D'autres ambassadeurs étaient là et j'y
retrouvais avec plaisir Zalic, le Dénébien. Nos traducteurs ne pouvaient hélas
fonctionner dans ce bruit. Nous échangeâmes seulement une solide poignée de
main et mon poignet en était encore tout endolori lorsque le bruit s'arrêta
subitement. Seul les claquements des drapeaux se faisaient entendre. Une procession
de prassiennes toutes de blanc vêtues portant des vases sortit du palais en
fredonnant une mélopée. Dans mon traducteur à nouveau en service revenaient
souvent les mots vie, mort, essence, renaissance et gloire de Prasse. La première
versa le contenu blanchâtre de son vase dans l'extrémité du canal se trouvant
près du palais. Un batardeau barrait cette partie et l'isolait du reste de la
pièce d'eau. La deuxième fit de même et ainsi de suite. En tout ce fut vingt
deux prassiennes qui vidèrent leurs vases, une par mois de l'année prassienne.
Une fois la dernière passée, des vannes s'ouvrirent et déversèrent un flot blanc
et continu.
C'est à ce moment là que je compris que ce flot était constitué de vers blancs, de larves de Prassiens par milliers !
Une fois la source tarie, ce
n'était qu'un tapis blanc et grouillant qui était retenu par le batardeau. Un
son de trompe retentit et les prassiens alignés le long des canaux retirèrent
leurs toges. Leur peau verdâtre luisait au soleil comme du vieux bronzes terrestres.
Au second accord, le batardeau s'ouvrit lentement et laissa échapper le flot
de larves. A ce signal, les prassiens dévêtus plongèrent dans le canal et commencèrent
la curée. Ce ne fût que remous et éclats accompagnant ces corps luisants se
livrant au carnage. La foule au comble de l'excitation hurlait à nouveau, exultait
et bravait l'interdit en s'approchant pour participer au festin.
Les canons à eau entrèrent en action et ce furent des cris de douleur qui se
joignirent à la liesse générale. Pendant ce temps le flot de plus en plus clairsemé
s'acheminait vers le temple où des prêtres vêtus de vert semblaient attirer
cette multitude.
Une pensée me vint à l'esprit, " Venez à moi les petits enfants ". j'ignore
pourquoi cette phrase mais elle résumait toute la symbolique de cette cérémonie.

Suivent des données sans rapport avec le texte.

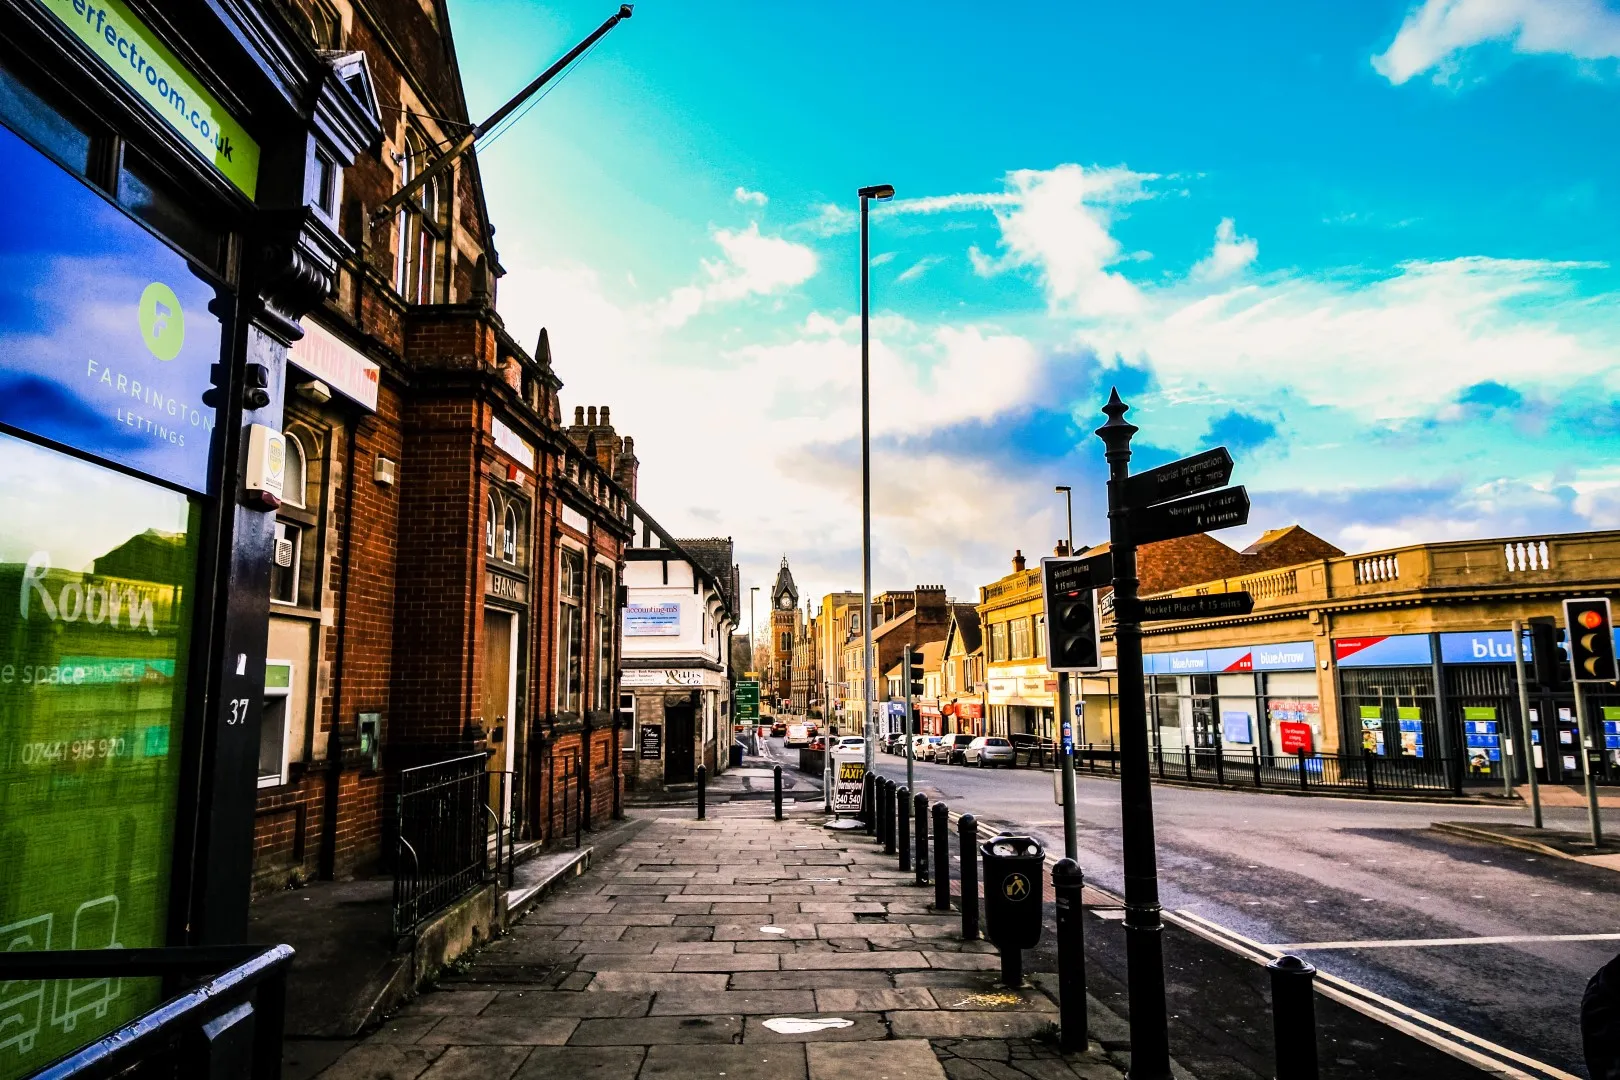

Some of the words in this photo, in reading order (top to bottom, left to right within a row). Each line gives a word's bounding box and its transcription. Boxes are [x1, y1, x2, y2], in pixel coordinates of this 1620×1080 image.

[58, 0, 234, 163] erfectroom.co.uk
[87, 359, 215, 433] FARRINGTON
[117, 407, 185, 447] LETTINGS
[1156, 468, 1179, 483] Tourist
[1181, 456, 1222, 476] Information
[1206, 470, 1223, 480] mins
[1168, 502, 1206, 516] Shopping
[1208, 495, 1236, 508] Centre
[1218, 511, 1239, 522] mins
[1073, 564, 1090, 574] Marina
[492, 574, 517, 599] BANK
[1060, 582, 1066, 591] 15
[1066, 580, 1076, 588] mins
[20, 551, 159, 637] Room
[1144, 605, 1172, 615] Market
[1174, 603, 1196, 612] Place
[1208, 600, 1217, 610] 15
[1220, 599, 1241, 609] mins
[1172, 657, 1204, 669] blueArrow
[1260, 651, 1304, 665] blueArrow
[23, 663, 86, 690] space
[664, 670, 701, 679] Willis
[227, 699, 249, 724] 37
[841, 769, 864, 779] TAXI?
[836, 794, 848, 804] 540
[849, 794, 861, 804] 540

La matière vivante n'est que nourriture tant qu'elle n'est pas élevée dans la
foi. Je venais d'assister au baptême Prassien. Je ne sais pas combien ont survécu
mais il est certain que ce furent les plus forts ou les plus habiles qui arrivèrent
au bout de l'épreuve. Pour cette race, pas de manipulation génétique ni de limitation
de la population par stérilisation, mais une sélection naturelle primitive tout
aussi efficace que nos pratiques de laboratoire. Une fois le dernier plongeur
sorti de l'eau, la foule acclama les " sauveurs " (on les appelle ainsi).
Du temple s'élevèrent des chants portés pas un système d'amplification qui furent
repris par la foule. Des colonnes semblables à des minarets se mirent à tourner
en projetant mille éclats colorés attirant le regard d'une manière presque hypnotique.
C'est d'ailleurs cette idée qui m'incita à détourner les yeux. Tous ceux qui
m'entouraient étaient statufiés devant ce spectacle qui s'interrompit avec l'arrêt
des chants.
J'ai tout enregistré et envoyé l'holo au service de décryptage subliminal.
Je pense que cette séance est destinée au conditionnement des masses. D'ailleurs,
aucun des officiels qui nous accompagnaient n'ont assisté à cette scène.
Je te laisse, j'ai rendez-vous avec mon ami Dénébien au sujet de la civilisation
océane.
Il semble qu'il ait des informations à son sujet.
Que Sol rayonne pour toi.
Mont-esquieux Ambassadeur plénipotetiaire de Prasse.